The project leader, Grant Schofield, professor of public health at AUT, was reported as saying:
‘I hadn’t expected New Zealand to be best, but I hadn’t expected we’d do as badly as we did. I think it comes down to our comparative lack of social connectedness and the fact that the gap is growing between the haves and have-nots. We’re not even the fair society we once thought we were’.

I am also surprised by these findings. In fact, they seem to me to be anomalous. Previous studies have shown that subjective well-being measures tend to provide a more favourable view of the well-being of New Zealanders than is provided by comparison of average incomes levels.

The study uses the methodology of the European Social Survey (ESS) which views wellbeing in terms of how people feel (pleasure, sadness, enjoyment and satisfaction), and how they function (sense of autonomy, competence, interest and meaning or purpose in life). I support such measurement of wellbeing as long as it isn’t used to imply that improving wellbeing ought to be an over-riding objective of public policy. My view, as argued on this blog and in Free to Flourish, is that pursuit of happiness is primarily a matter for individuals (and their families and friends) rather than a public policy issue.

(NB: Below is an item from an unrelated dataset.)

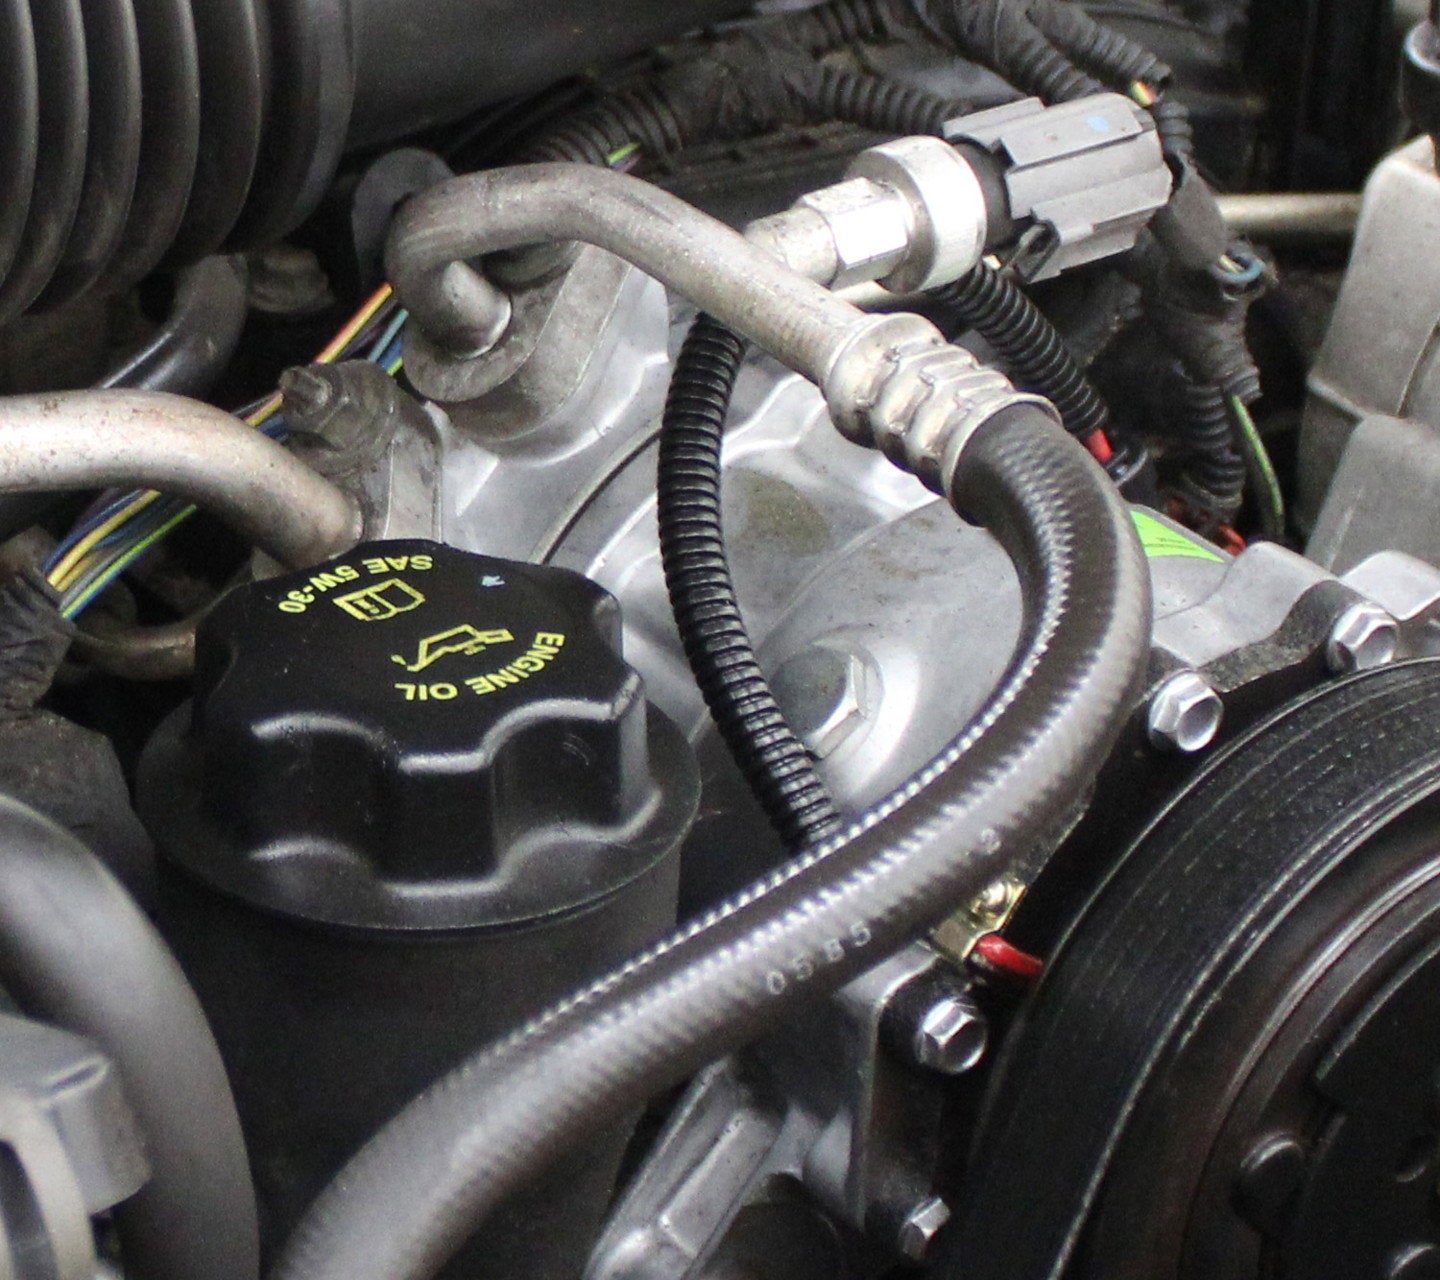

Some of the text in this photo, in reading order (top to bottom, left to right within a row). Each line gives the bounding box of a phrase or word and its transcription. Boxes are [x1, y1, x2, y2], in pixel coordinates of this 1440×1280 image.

[277, 554, 434, 614] SAE 5W-30
[394, 630, 566, 701] ENGINE OIL

There are some aspects of the ESS approach to measurement of wellbeing that seem to me to be less than ideal. For example, it seems to me that in considering social support that is available to individuals it is important to know whether there are people whom they can count on to help them in times of need. Instead of asking about that, the ESS asks whether people in the local area help each other or feel close to each other. In modern societies, the people whom individuals rely on for social support – including family and friends – do not necessarily live in the local area.

However, I don’t think shortcomings of the ESS methodology can explain why the HPC/Sovereign index shows the wellbeing of NZers to be startlingly low. The responses of New Zealanders in this survey imply much lower wellbeing than in other surveys that have asked similar questions. For example, the following chart shows that the HPC data for New Zealand is an outlier when compared with the general relationship between responses to the ‘Satisfying life’ question of the ESS and the Gallup World Poll question that asks respondents to rate their ‘life today’ against the best possible life.

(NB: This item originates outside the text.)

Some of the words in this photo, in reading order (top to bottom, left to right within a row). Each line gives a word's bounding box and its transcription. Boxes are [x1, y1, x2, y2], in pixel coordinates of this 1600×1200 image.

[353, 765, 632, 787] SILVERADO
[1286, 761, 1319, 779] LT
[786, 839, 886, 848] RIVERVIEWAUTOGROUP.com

Another example is provided by comparing responses to the question of whether respondents consider themselves to be treated with respect in the ESS and the Gallup World Poll. Similarly, in that context the HPC data is an outlier in that context.




I don’t know why the Sovereign/HPC survey is showing the wellbeing of New Zealanders to be lower than other surveys of subjective wellbeing. Perhaps their survey is more accurate than previous surveys. However, until we know why the results of different surveys differ so much, we should, perhaps, not give much credence to claims that the wellbeing of New Zealanders is startlingly low.